At the end of 2020, the HHS Office of Inspector General (OIG) and CMS released companion final rules that provided a construct of “value-based care” by which we can understand what regulators and enforcement agencies believe this phrase means. With the creation of new safe harbors under the Anti-Kickback Statute (AKS) and new exceptions under the Stark Law designed to facilitate value-based arrangements, CMS and OIG have established a common paradigm under which providers and regulators can operate.27
Health care industry stakeholders have entirely new terminology, such as “value-based enterprises,” “target patient populations,” and “patient engagement tools and supports.” It is fair to say that with the deregulatory companion rules came numerous regulatory terms for industry stakeholders to understand and apply.
There has been some criticism from the provider community that the new regulatory flexibility did not go far enough. Some providers were unhappy that the safe harbor for care coordination arrangements includes a contribution requirement. Others wanted higher thresholds for the patient engagement tools and supports safe harbor to allow for even more expansive efforts to address social determinants of health. Furthermore, OIG declined to establish safe harbors in some areas, such as for broad waivers of cost-sharing obligations. Providers will have to continue to rely upon the advisory opinion process.

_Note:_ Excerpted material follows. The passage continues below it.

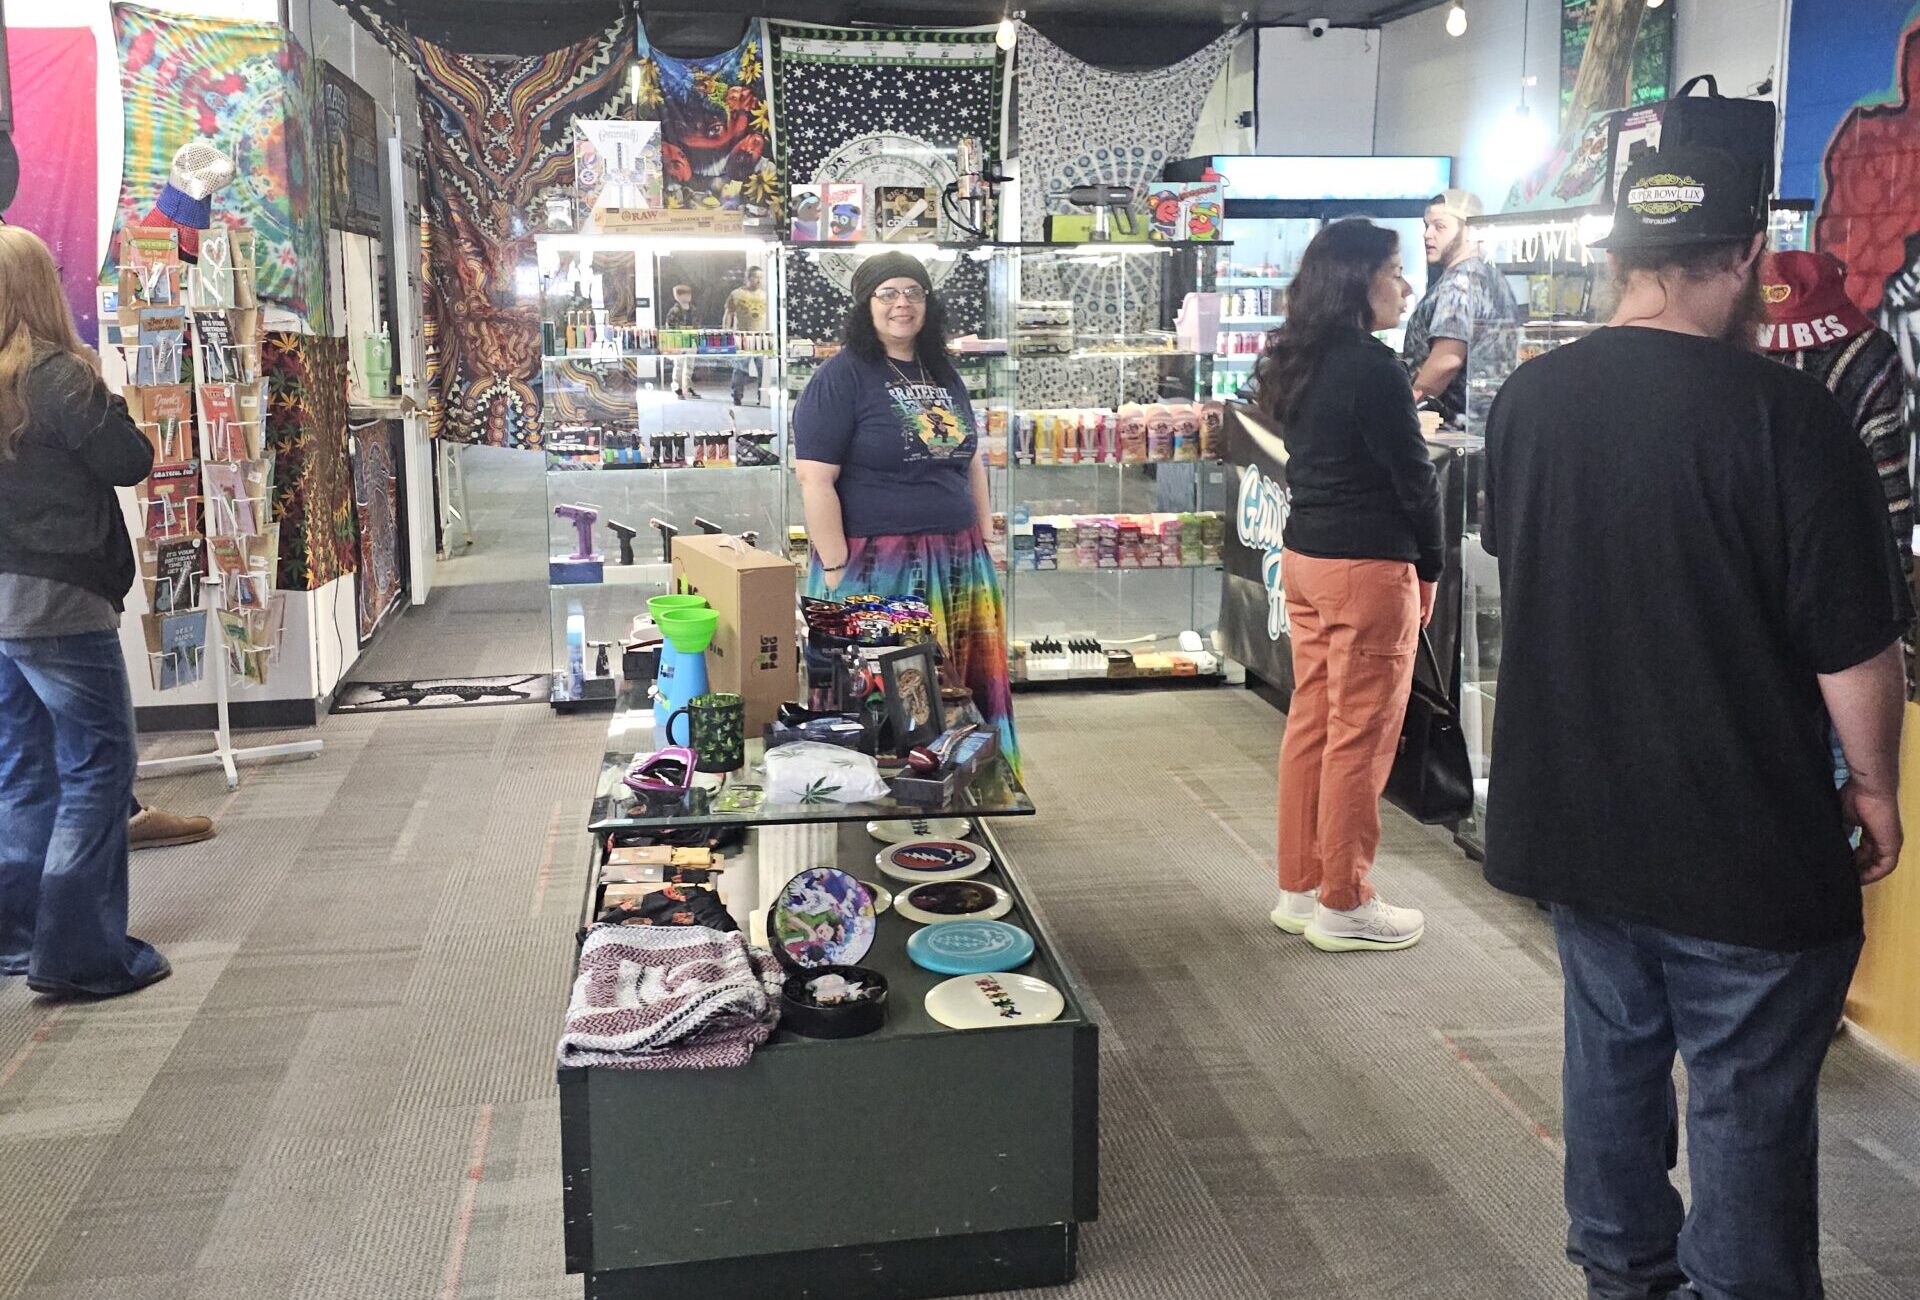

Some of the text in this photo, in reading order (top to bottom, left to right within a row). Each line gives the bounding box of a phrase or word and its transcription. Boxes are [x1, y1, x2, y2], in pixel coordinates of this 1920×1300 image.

Though the final rules did not provide exhaustive relief, the latitude that providers now have to compensate physicians differently under the Stark Law, and to partner with physicians and other health care organizations under new AKS safe harbors is unprecedented. Many health care leaders have been asking for flexibility to partner in new ways around caring for patients. Such innovation can result in lower health care costs for all involved—federal health care programs (and thus taxpayers) as well as beneficiaries.
Organizations that make strategic use of this flexibility may be able to move more expeditiously out of fee-for-service and into risk-based models of care. CMS recently announced that it hopes to drive accountable care in a more meaningful way such that all Medicare beneficiaries with Parts A and B will be in a care relationship with accountability for quality and total cost of care by 2030.28 This has heightened the urgency for providers to move towards more efficient, cost-effective models of health care delivery.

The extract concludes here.